But I'll just wrap up this post with a shout-out to the Balboa Theatre, which is bringing some special-events to the Richmond District just in time for me- I've moved back to this corner of Frisco myself. This Sunday there will be two appearances by animation wizard Richard Williams. He's best known for his Oscar-winning work as animation director for Who Framed Roger Rabbit, but has an extensive filmography in both theatrical and television, feature-length and short-form animation. He also created title designs for films such as Murder on the Orient Express, Can Hieronymus Merkin Ever Forget Mercy Humppe and Find True Happiness?, and the 1967 Casino Royale -- and when Friz Freleng's outfit passed the torch after putting together the beloved title sequences for the first three Peter Sellers Pink Panther features, it was Williams who picked it up. Williams will be on hand for a noon show and another at 7PM, though the latter is already listed as sold out.
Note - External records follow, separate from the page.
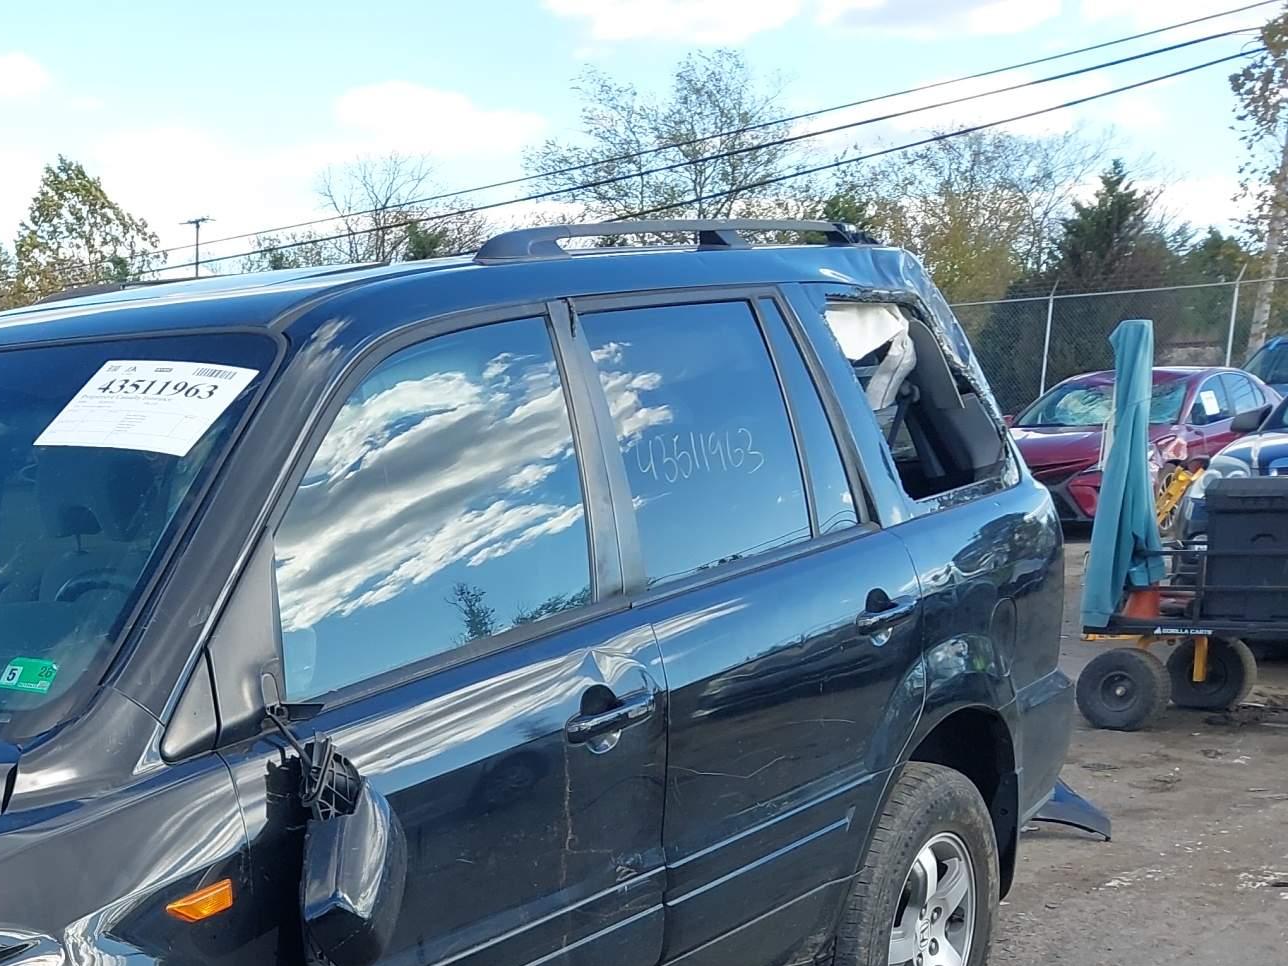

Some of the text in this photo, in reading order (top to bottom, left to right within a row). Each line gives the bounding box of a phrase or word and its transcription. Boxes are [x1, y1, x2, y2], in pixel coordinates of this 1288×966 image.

[96, 378, 219, 400] 43511963
[635, 427, 765, 484] 43511963
[6, 666, 53, 682] 5 26
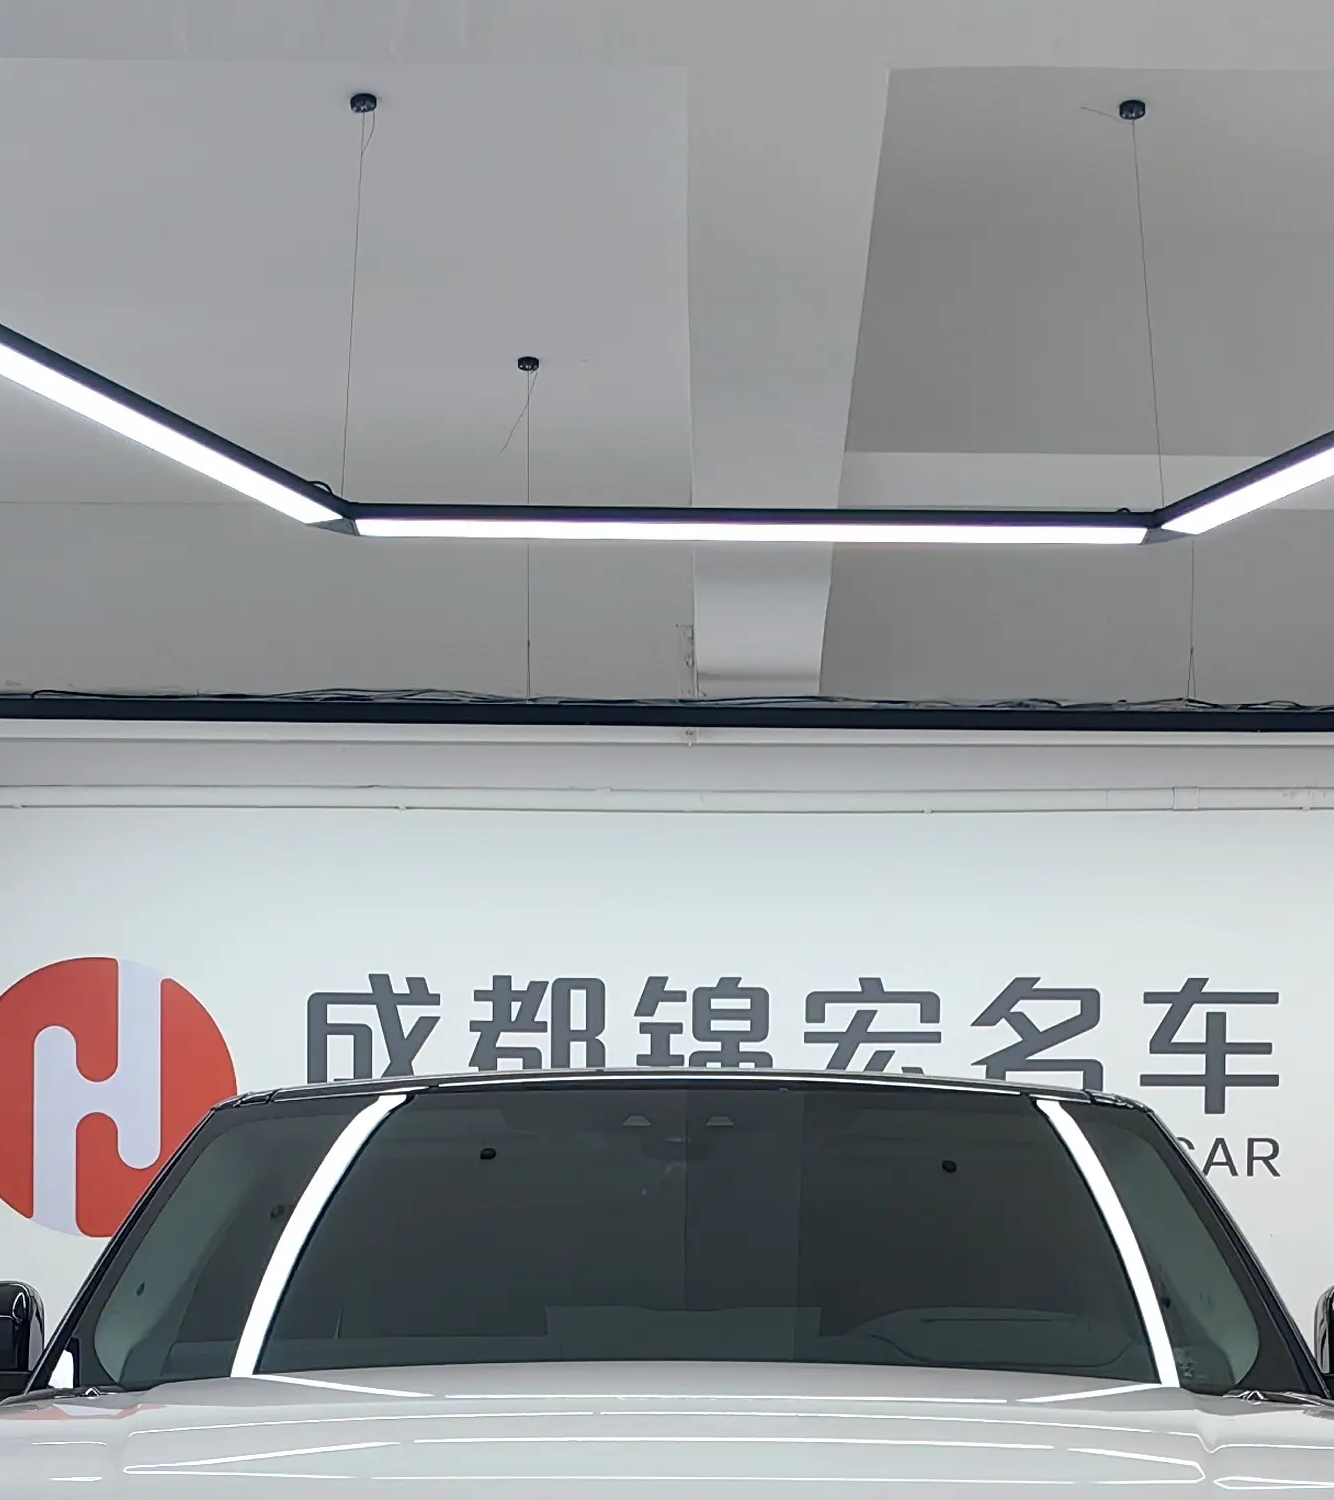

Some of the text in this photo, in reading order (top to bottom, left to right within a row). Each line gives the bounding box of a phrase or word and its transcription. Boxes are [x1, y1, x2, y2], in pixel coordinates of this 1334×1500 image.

[307, 973, 1279, 1114] 成都锦宏名车
Future special events at the Balboa also include an opportunity to watch Tuesday's election results on the big screen with an enthusiastic crowd (free admission to this one), and on December 10th, the horror host documentary Watch Horror Films, Keep America Strong will have its Frisco premiere (it's shown in Oakland, Sacramento and elsewhere but not in this county yet) with a set of as-yet-unannounced guests in attendance.

Speaking of witch, Happy Halloween!

Saturday, May 3, 2008

Marina Theatre

Yesterday was a day for watching superhero films. I went to the 7PM showing of Iron Man at the newly reopened Marina Theatre on Chestnut Street, and then to the 11PM showing of Big Man Japan as part of the San Francisco International Film Festival. It's hard to picture two films tackling the subject of male power fantasy from more completely different angles. I enjoyed watching both and plan to write on them as soon as I have a chance.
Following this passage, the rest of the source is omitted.